The other day at work, the ecologist took me to see pink lady's slipper orchids. The forest there was razed and logged about a hundred years ago, and it got into my head to ask how the orchids returned. He only shrugged. "Who knows?"
Garden centers put plants out for sale when they are blooming. People buy trees from Fast Growing Trees dot com. The quick, final results that are standard with Buy Product, which are so completely opposite the constant slow chaos of nature, have become so standard in the gardening world that the hideous black mulch sold at garden centers is severed from the very purpose of mulch, and instead serves to visually emphasize small, lonely plants against its dark background. (For the record, once your plants mature, you should not be able to SEE the mulch.)
Landscapers regularly place shrubs, bushes, trees and flowers in places where they have no room to reach maturity. It's standard—landscapers seem to plan with the expectation that everything will be ripped out within 5-10 years. The average person has no clue how big trees and bushes get because their entire surroundings, which are made of living things (which do in fact feel and communicate) are treated as disposable.
Because in ten years, this building won't be an orthodontists' office, in ten years, this old lady will be dead, in ten years, the kids will have grown, and capitalism is incapable of preparing for a future, only for the next buyer.
The logic of the lawn is that gardens and ecosystems that take time to build are not to be valued, because a lush, biodiverse garden is not easily sold, easily bought, easily maintained, easily owned, or easily treated with indifference. An ecosystem requires wisdom from the caretaker. That runs contrary to the Consumer identity.
And it's this disposable-ness, this indifference, that I am ultimately so strongly against, not grass, or low turf that you can step on.

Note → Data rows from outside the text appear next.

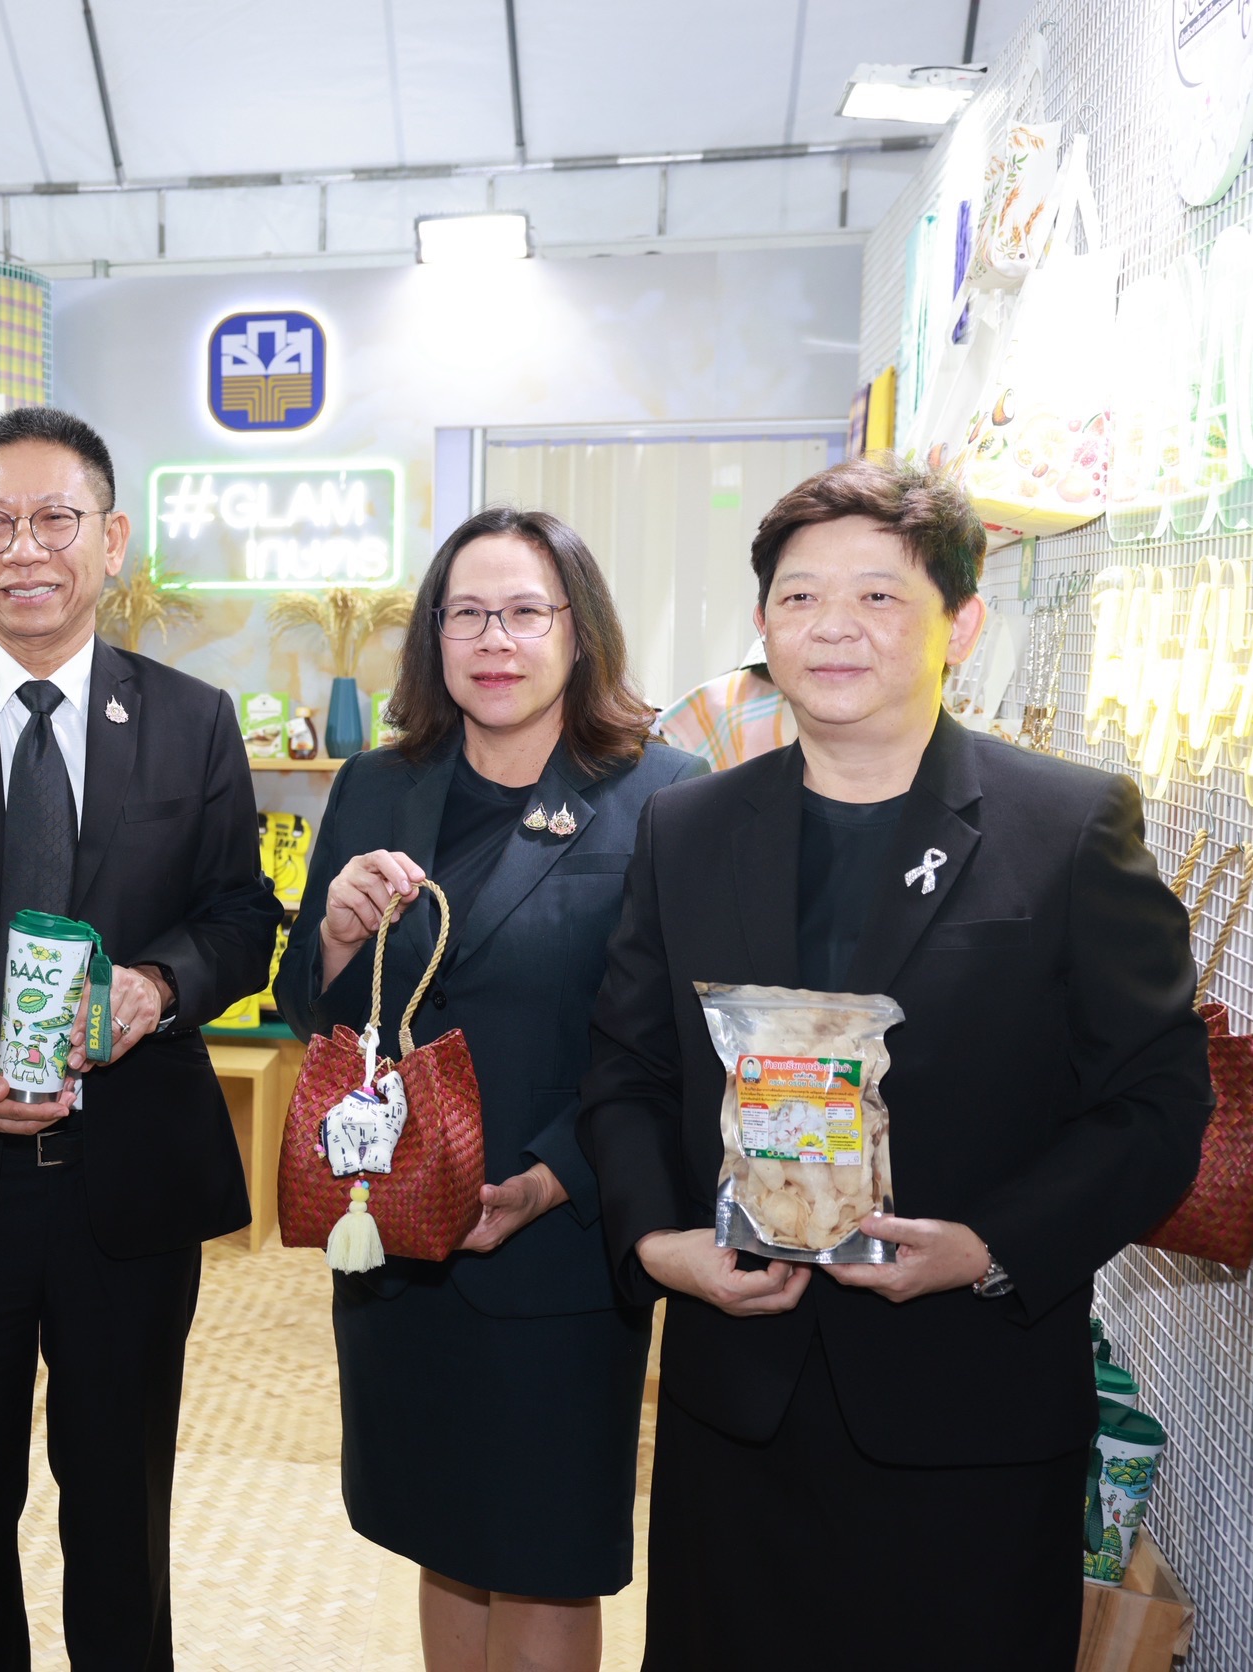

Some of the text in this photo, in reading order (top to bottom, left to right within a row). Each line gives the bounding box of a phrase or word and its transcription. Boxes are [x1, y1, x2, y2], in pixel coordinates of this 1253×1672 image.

[159, 474, 366, 538] #GLAM
[10, 959, 62, 986] BAAC
[89, 1004, 103, 1050] BAAC
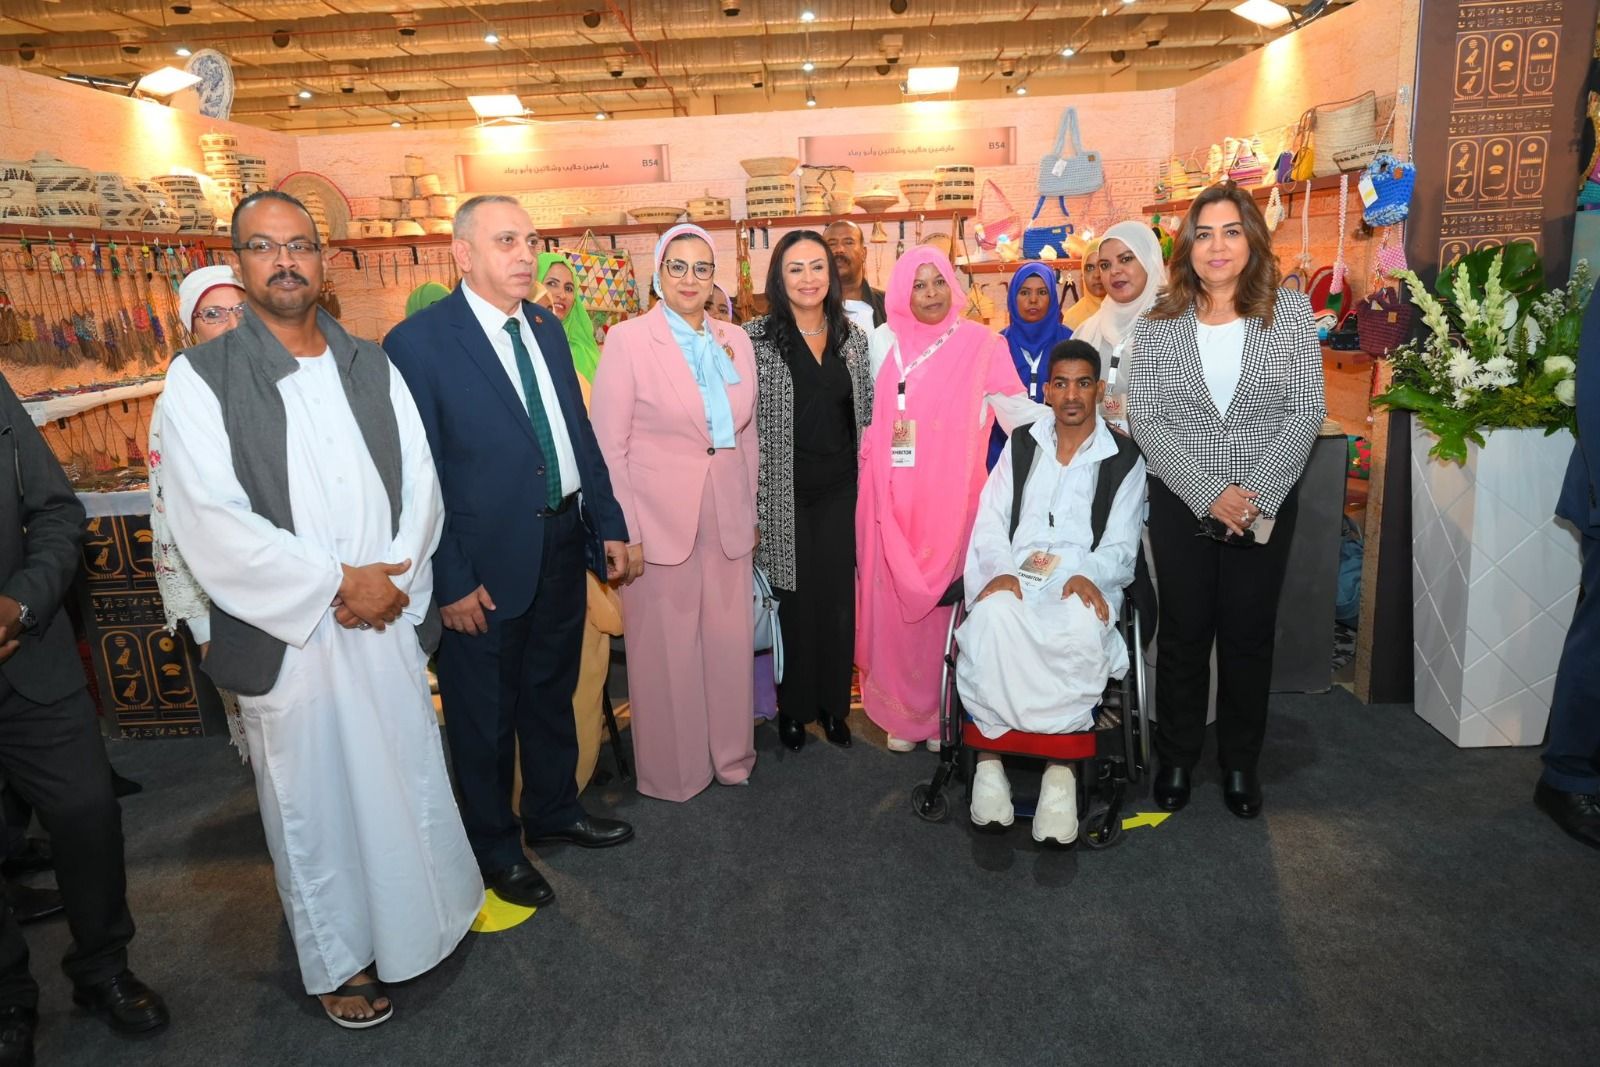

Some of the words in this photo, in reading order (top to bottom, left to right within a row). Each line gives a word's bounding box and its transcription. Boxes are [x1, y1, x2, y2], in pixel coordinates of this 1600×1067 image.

[907, 145, 926, 155] حلايب
[988, 141, 1006, 150] B54
[878, 147, 906, 157] وشلاتين
[562, 163, 581, 173] حلايب
[642, 159, 659, 168] B54
[534, 164, 561, 174] وشلاتين
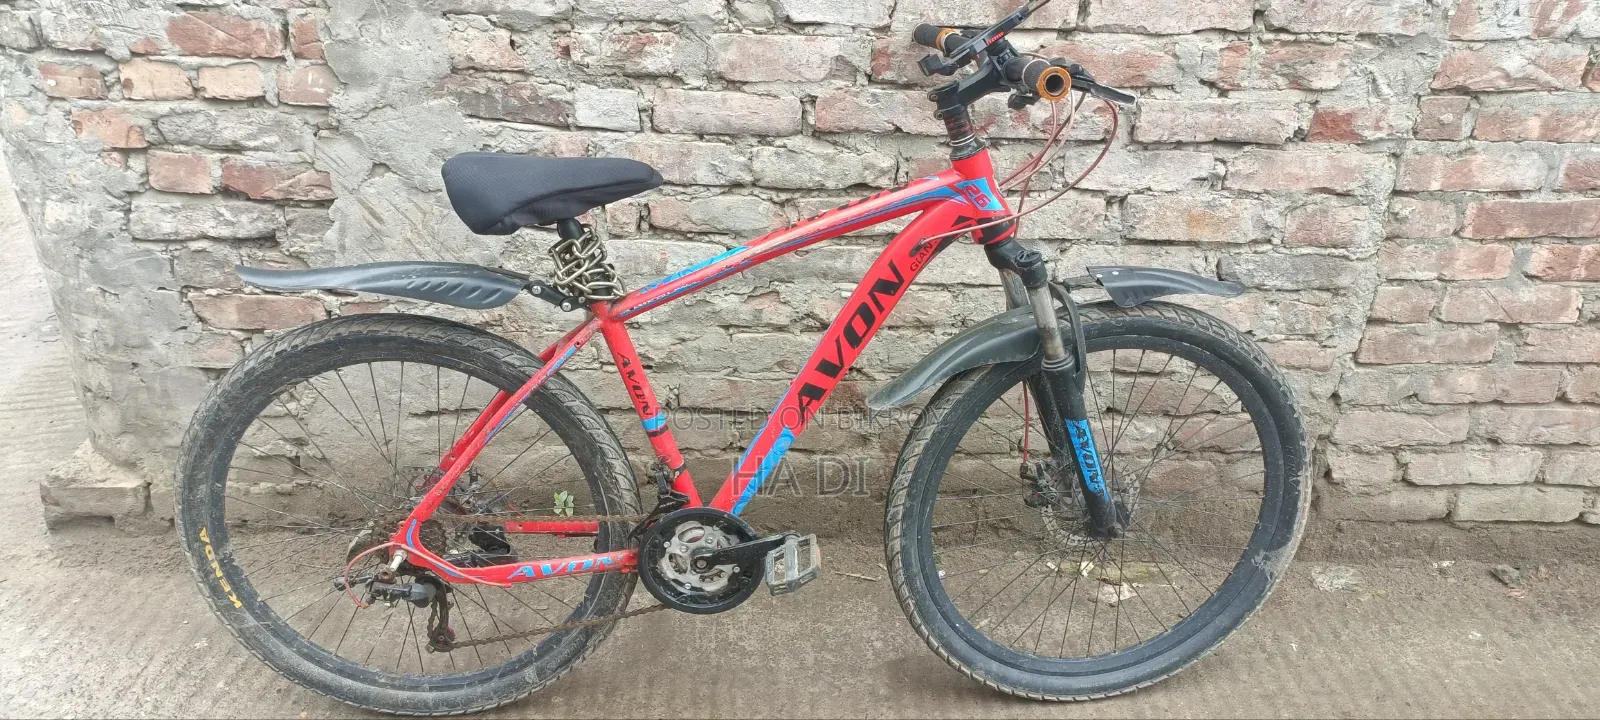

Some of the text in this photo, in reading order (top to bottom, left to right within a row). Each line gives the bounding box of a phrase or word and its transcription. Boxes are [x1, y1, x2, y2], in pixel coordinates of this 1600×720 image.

[963, 182, 992, 209] 26
[909, 235, 938, 272] GIAN
[796, 259, 905, 426] AVON
[616, 351, 654, 416] AVON
[1072, 420, 1100, 484] AVON
[199, 526, 243, 609] KENDA
[506, 555, 615, 580] AVON
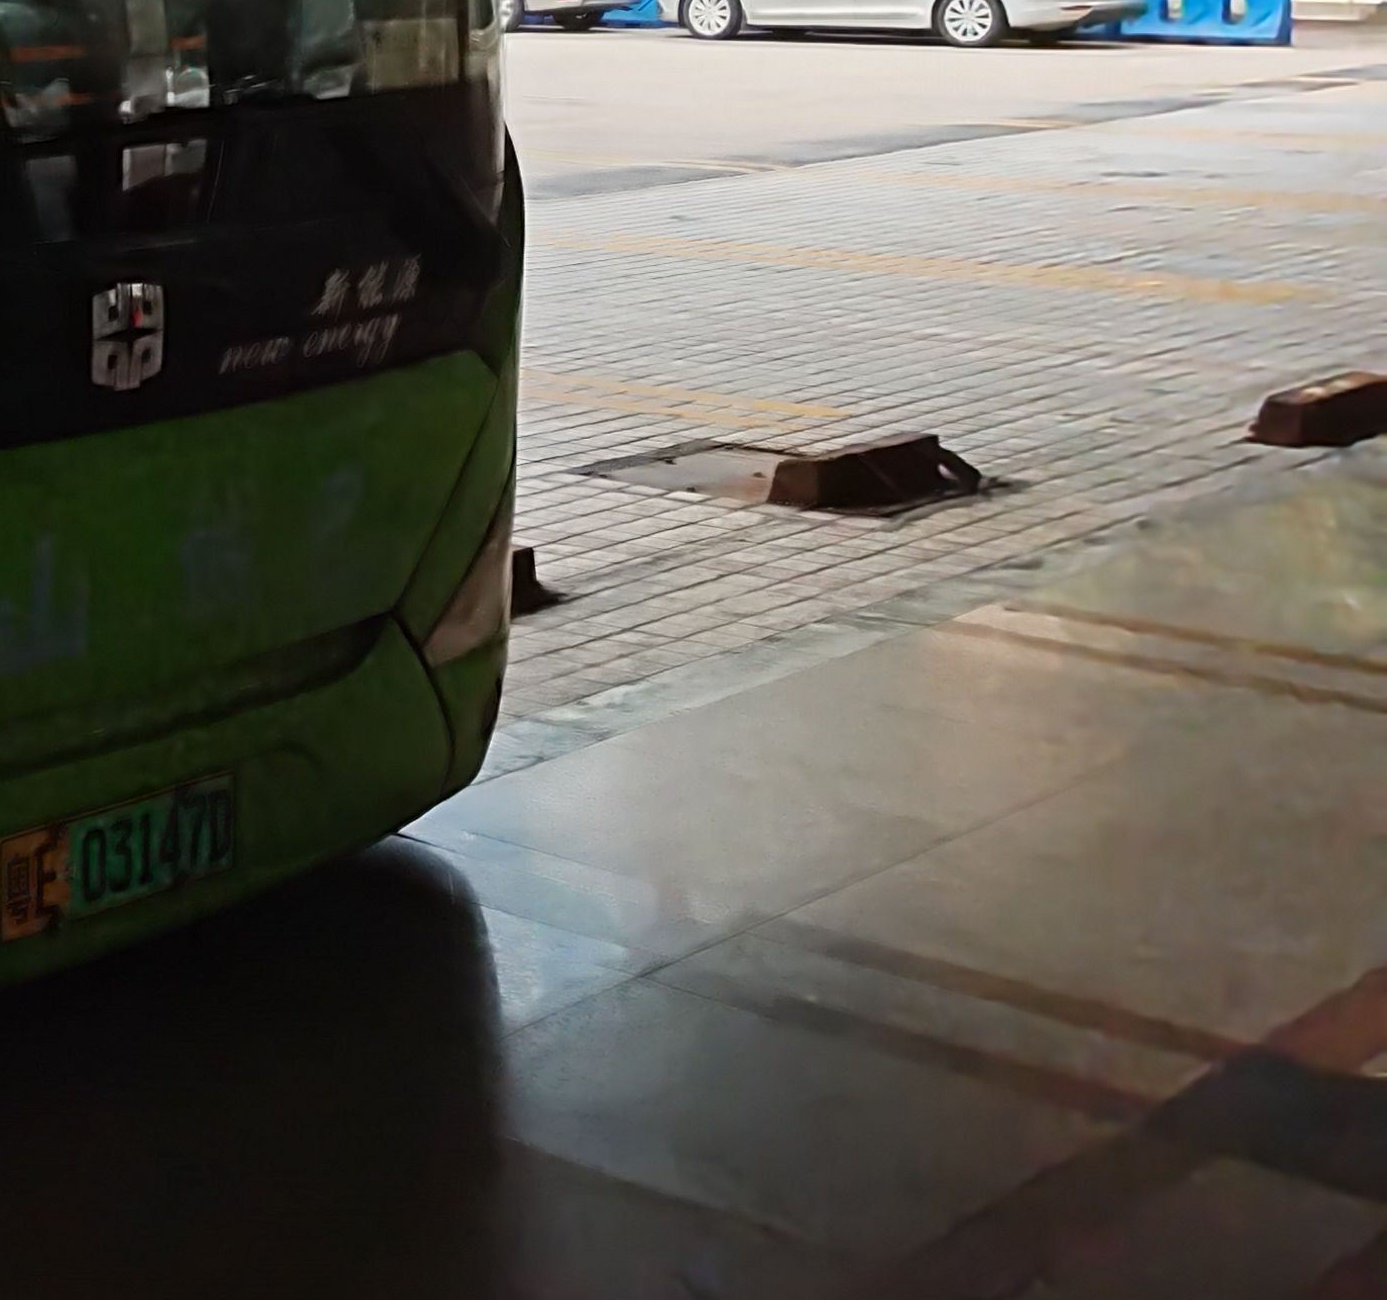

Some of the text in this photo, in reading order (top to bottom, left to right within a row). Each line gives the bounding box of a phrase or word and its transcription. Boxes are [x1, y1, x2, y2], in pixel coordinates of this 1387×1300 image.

What if we saw buying land as implying a responsibility to be its caretaker? To respect the inhabitants, whether or not we are personally pleased by them or think they look pretty? What creature could deserve to be killed just because it didn't make a person happy?
But the Consumer identity gives you something else...a sense of entitlement. "This is MY yard, and that possum doesn't get to live there." "This is MY yard, and I don't want bugs in it." "This is MY yard, and I can kill the spiders if I want to."
Meanwhile there is no responsibility to build the soil up for the next gardener. No responsibility to plant oaks that will grow mighty and life-giving. No responsibility to plant fruit-producing trees, brambles, and bushes. None of these things, any of which could have fulfilled a responsibility to the future. Rather, just to do whatever you damn well please, and leave those that come after with depleted, compacted soil and the aftermath of years of constant damage. It took my Meadow ten years to recover from being the garden patch of the guy that lived here before us. Who knows what he did to it.
The loss of topsoil in all our farmland is a bigger example, and explains how this is directly connected to colonialism. The Dust Bowl, the unsustainable farming practices that followed, the disappearance of the lush fertile prairie topsoil because of greed and colonizer mindset, and simple refusal to learn from what could be observed in nature. The colonizing peoples envisioned the continent as an "Empty" place, a Blank Slate that could be used and exploited however.
THAT is what's killing the planet, this idea that the planet is to be used and abused and bought and sold, that the power given by wealth gives you entitlement to do whatever you want. That "Land" is just another Product, and our strategies for taking care of Earth should be whatever causes the most Buy Product.
It's like I always write..."You are not a consumer! You are a caretaker!"